| Requirement |
Only the lines from the one containing "this 1500×1000 image." to the end of the records should be given again, word for word and in full.

=== Data shown ===

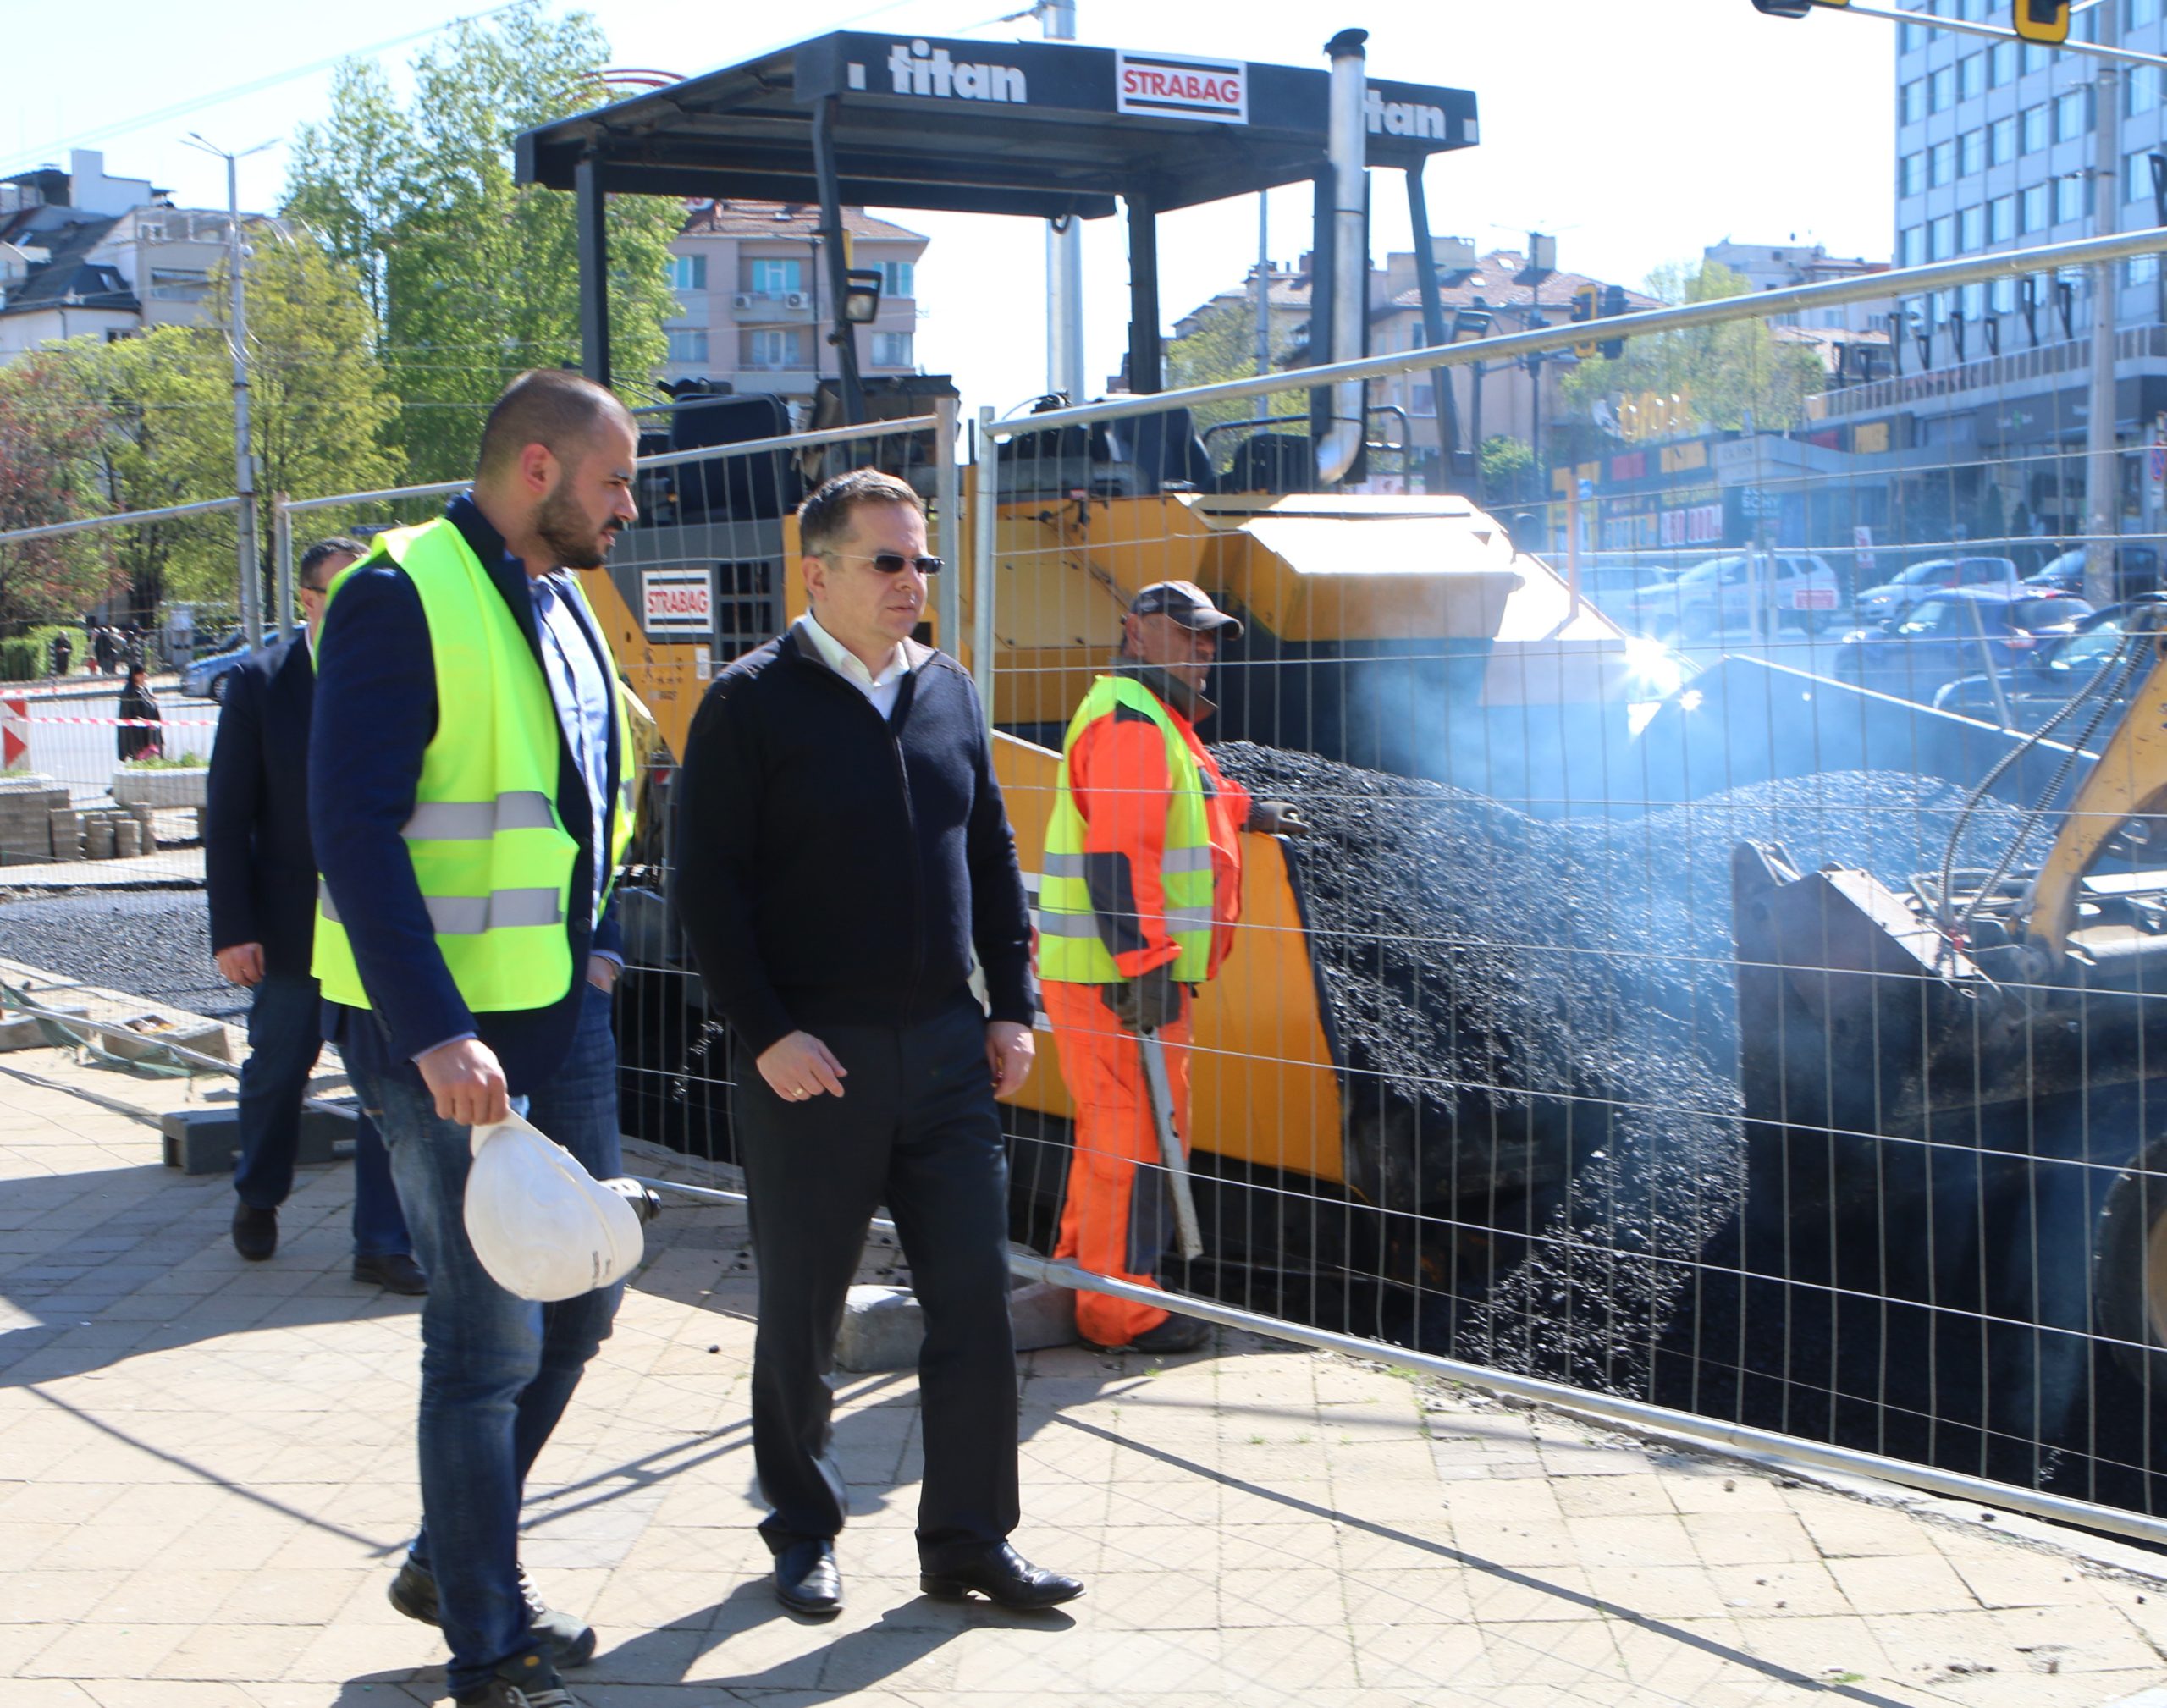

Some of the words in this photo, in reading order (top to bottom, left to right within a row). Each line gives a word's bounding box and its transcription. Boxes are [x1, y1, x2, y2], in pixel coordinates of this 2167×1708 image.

[888, 39, 1027, 103] titan
[1123, 69, 1241, 103] STRABAG
[1364, 89, 1446, 140] tan
[648, 590, 708, 614] STRABAG
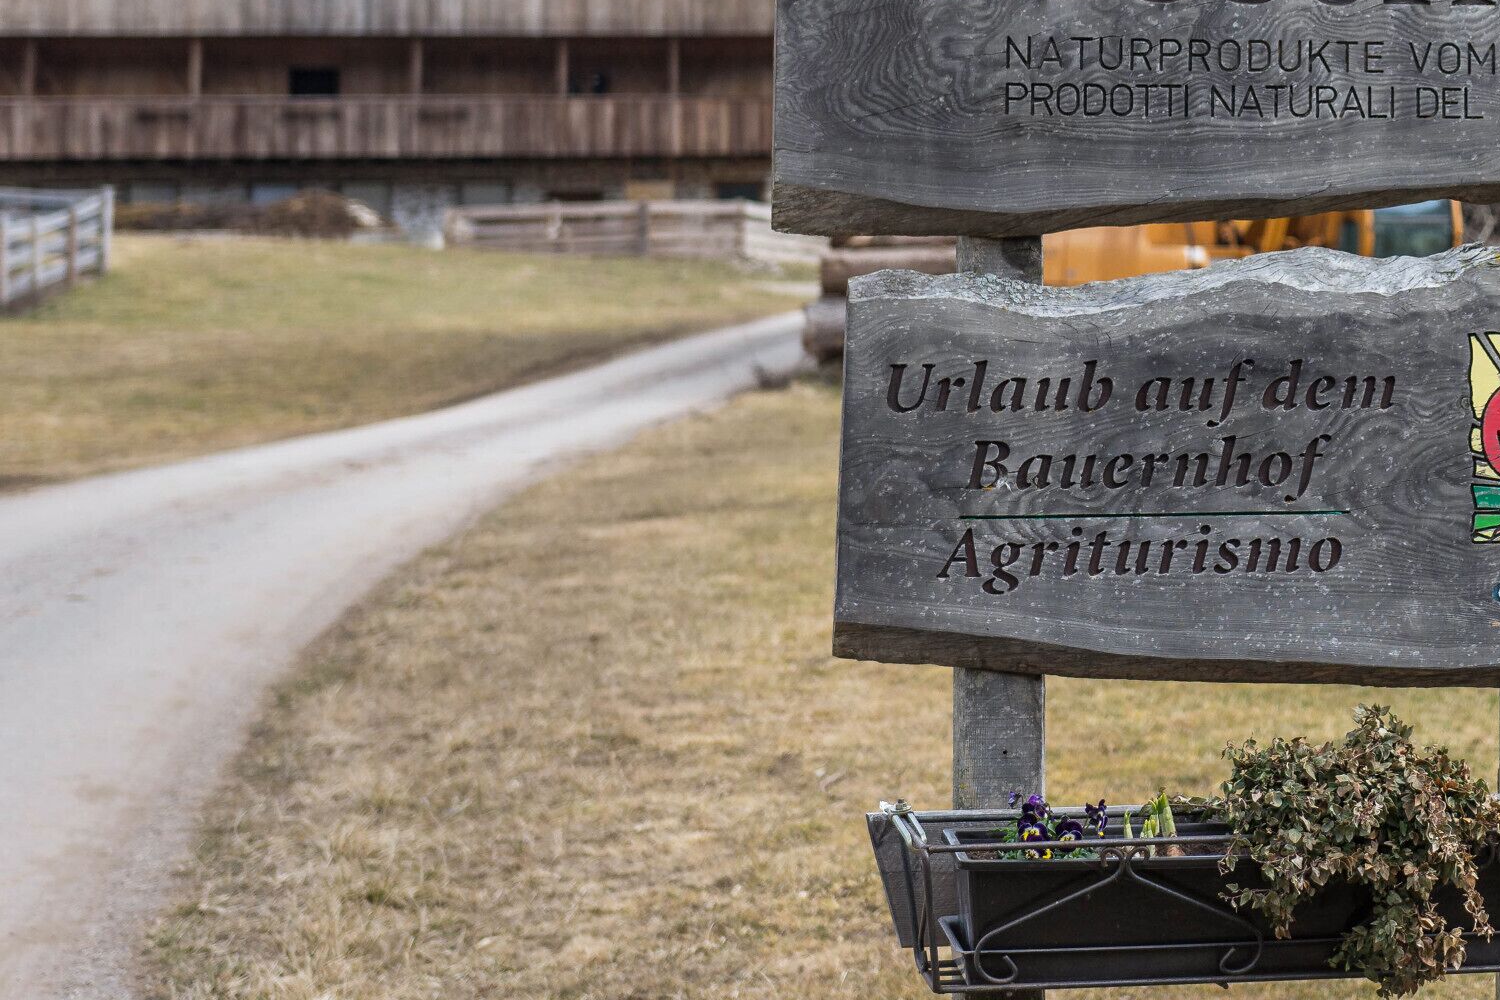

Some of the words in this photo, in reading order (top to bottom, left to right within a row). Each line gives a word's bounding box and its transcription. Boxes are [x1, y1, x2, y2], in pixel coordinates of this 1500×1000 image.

[1004, 35, 1384, 75] NATURPRODUKTE
[1409, 40, 1497, 75] VOM
[1004, 82, 1190, 119] PRODOTTI
[1210, 84, 1397, 121] NATURALI
[1417, 86, 1484, 122] DEL
[885, 359, 1115, 414] Urlaub
[1134, 358, 1256, 427] auf
[1261, 358, 1396, 411] dem
[966, 434, 1332, 502] Bauernhof
[936, 524, 1344, 595] Agriturismo

===

| Solution to the exercise |
Some of the words in this photo, in reading order (top to bottom, left to right within a row). Each line gives a word's bounding box and its transcription. Boxes are [x1, y1, x2, y2], in pixel coordinates of this 1500×1000 image.

[1004, 35, 1384, 75] NATURPRODUKTE
[1409, 40, 1497, 75] VOM
[1004, 82, 1190, 119] PRODOTTI
[1210, 84, 1397, 121] NATURALI
[1417, 86, 1484, 122] DEL
[885, 359, 1115, 414] Urlaub
[1134, 358, 1256, 427] auf
[1261, 358, 1396, 411] dem
[966, 434, 1332, 502] Bauernhof
[936, 524, 1344, 595] Agriturismo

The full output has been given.